On the other hand, Interpreters listen to the speakers and translate the message simultaneously on the spot. It requires excellent listening and public speaking abilities. More than that, since having to translate almost immediately, Interpreters also need quick decision-making skills to resolve unexpected situations. Unlike Translators who take help from dictionaries or information on the Internet, Interpreters need to rely on his or her own knowledge and experience. Therefore, improving self-knowledge and skills is essential.
(2) The level of accuracy
As translators are given a suitable period of time to translate and self-review a source file, together with the help of editors, proofreaders, and dictionaries, the level of accuracy is significantly high. In some cases, the translation should be “perfect” and ready to publish.
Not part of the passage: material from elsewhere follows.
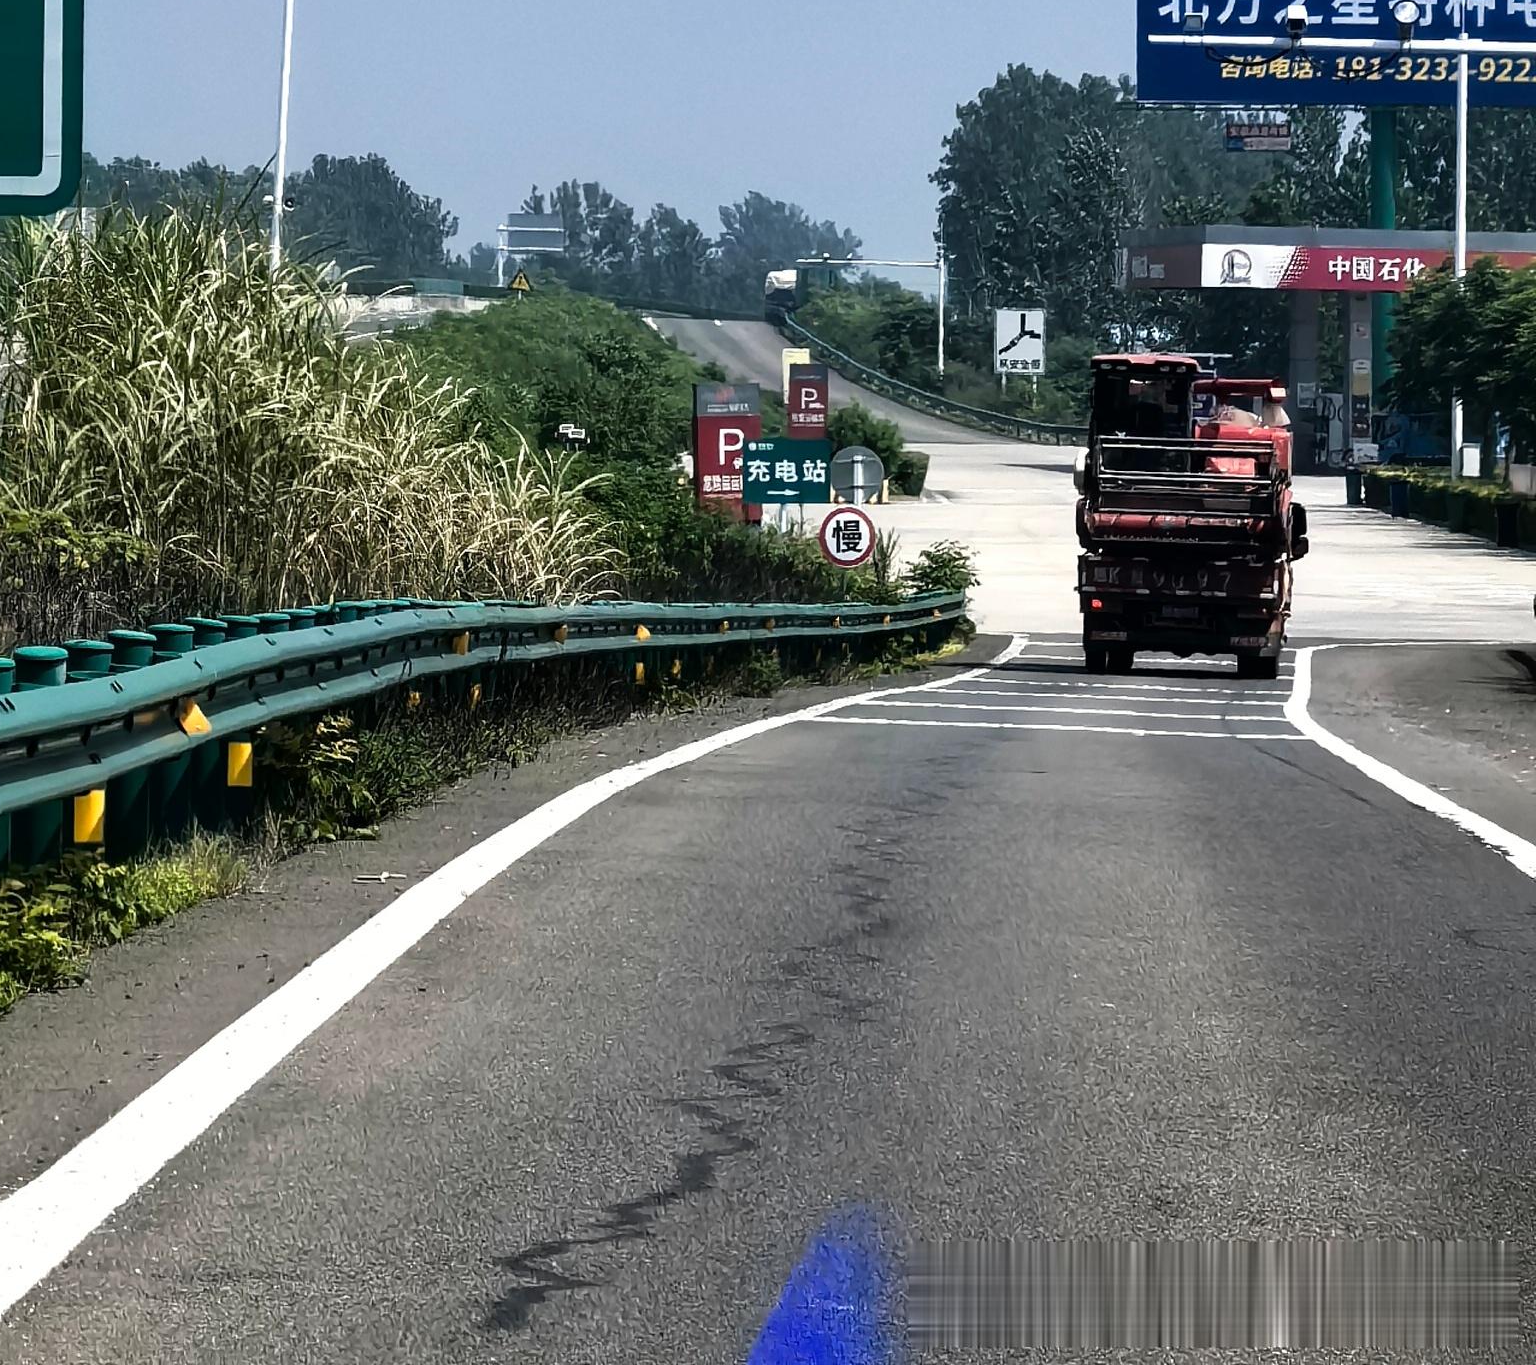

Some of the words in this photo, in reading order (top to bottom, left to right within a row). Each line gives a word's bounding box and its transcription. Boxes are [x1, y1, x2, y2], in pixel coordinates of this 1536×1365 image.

[747, 459, 827, 484] 充电站
[831, 519, 863, 554] 慢
Meanwhile, Interpreters are not required to translate exactly every word in the speech. They can paraphrase the words as long as the core meanings remain. Of course, to guarantee the accuracy of the translated speech, Interpreters should prepare well before the conference or meeting.
(3) One-way and Two-way translation
As mentioned before, a qualified Translator should be a native of the target language. For example, when translating documents from English to Japanese, native Japanese translators should take the task. But there’s no vice versa. If it’s a Japanese to English project, you shouldn’t assign it to a native Japanese linguist.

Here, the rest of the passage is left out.